### TASK OBJECTIVE:
Each record should be copied exactly into the answer, and no picture should go with it.

--- GIVEN ENTRIES ---

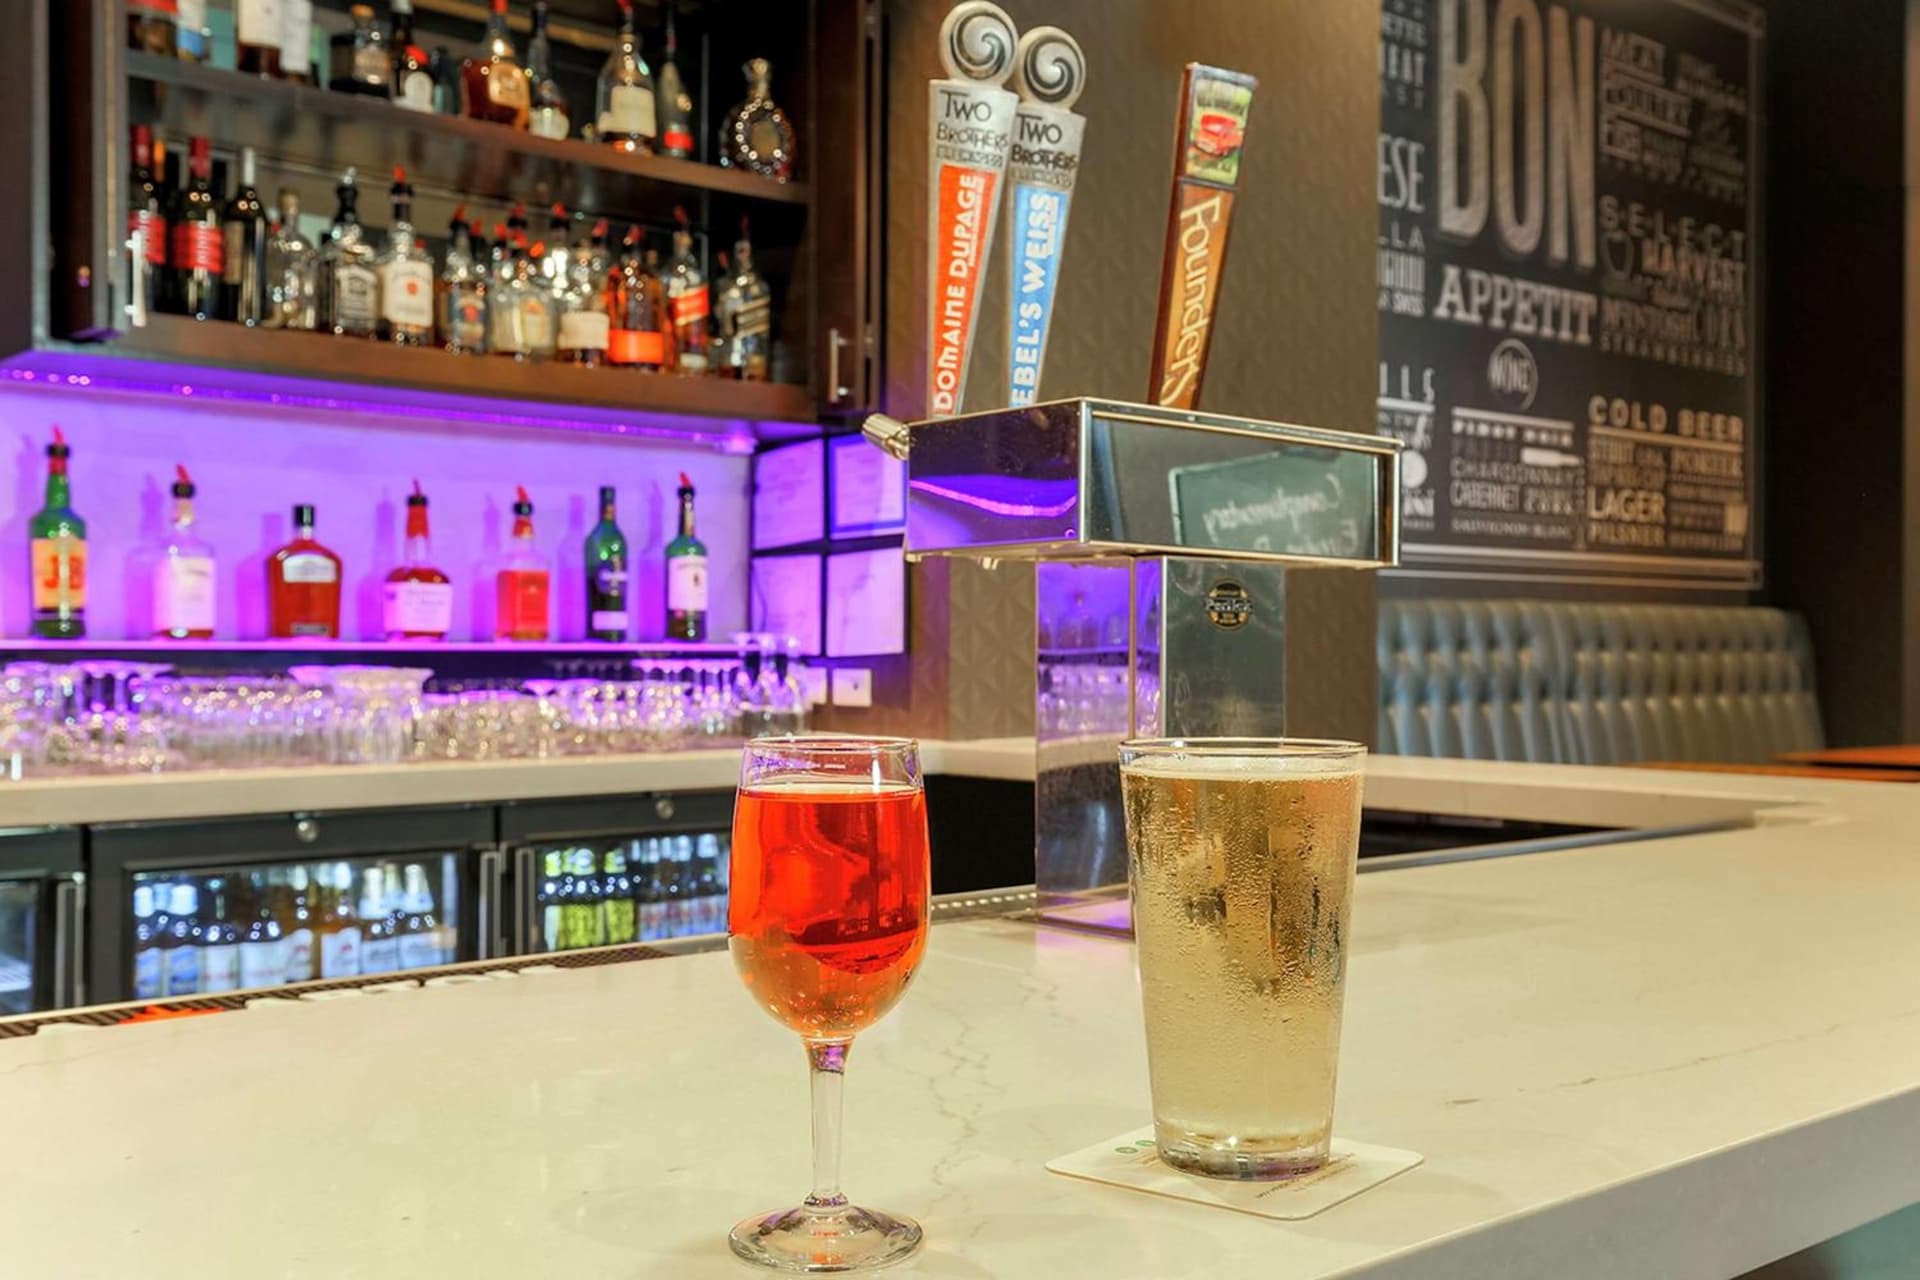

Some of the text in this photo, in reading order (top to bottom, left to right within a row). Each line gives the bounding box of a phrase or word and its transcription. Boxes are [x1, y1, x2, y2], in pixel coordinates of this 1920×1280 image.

[938, 88, 992, 122] TWO
[936, 122, 1009, 151] BROTHERS
[1016, 113, 1063, 145] TWO
[1436, 0, 1597, 271] BON
[1011, 144, 1079, 171] BROTHERS
[949, 175, 982, 280] DUPAGE
[1022, 194, 1057, 294] WEISS
[1432, 263, 1598, 346] APPETIT
[934, 284, 965, 410] DOMAINE
[1588, 395, 1744, 442] COLD BEER
[1587, 487, 1666, 523] LAGER
[1587, 521, 1666, 547] PILSNER

---

### EXPECTED ANSWER:
Some of the text in this photo, in reading order (top to bottom, left to right within a row). Each line gives the bounding box of a phrase or word and its transcription. Boxes are [x1, y1, x2, y2], in pixel coordinates of this 1920×1280 image.

[938, 88, 992, 122] TWO
[936, 122, 1009, 151] BROTHERS
[1016, 113, 1063, 145] TWO
[1436, 0, 1597, 271] BON
[1011, 144, 1079, 171] BROTHERS
[949, 175, 982, 280] DUPAGE
[1022, 194, 1057, 294] WEISS
[1432, 263, 1598, 346] APPETIT
[934, 284, 965, 410] DOMAINE
[1588, 395, 1744, 442] COLD BEER
[1587, 487, 1666, 523] LAGER
[1587, 521, 1666, 547] PILSNER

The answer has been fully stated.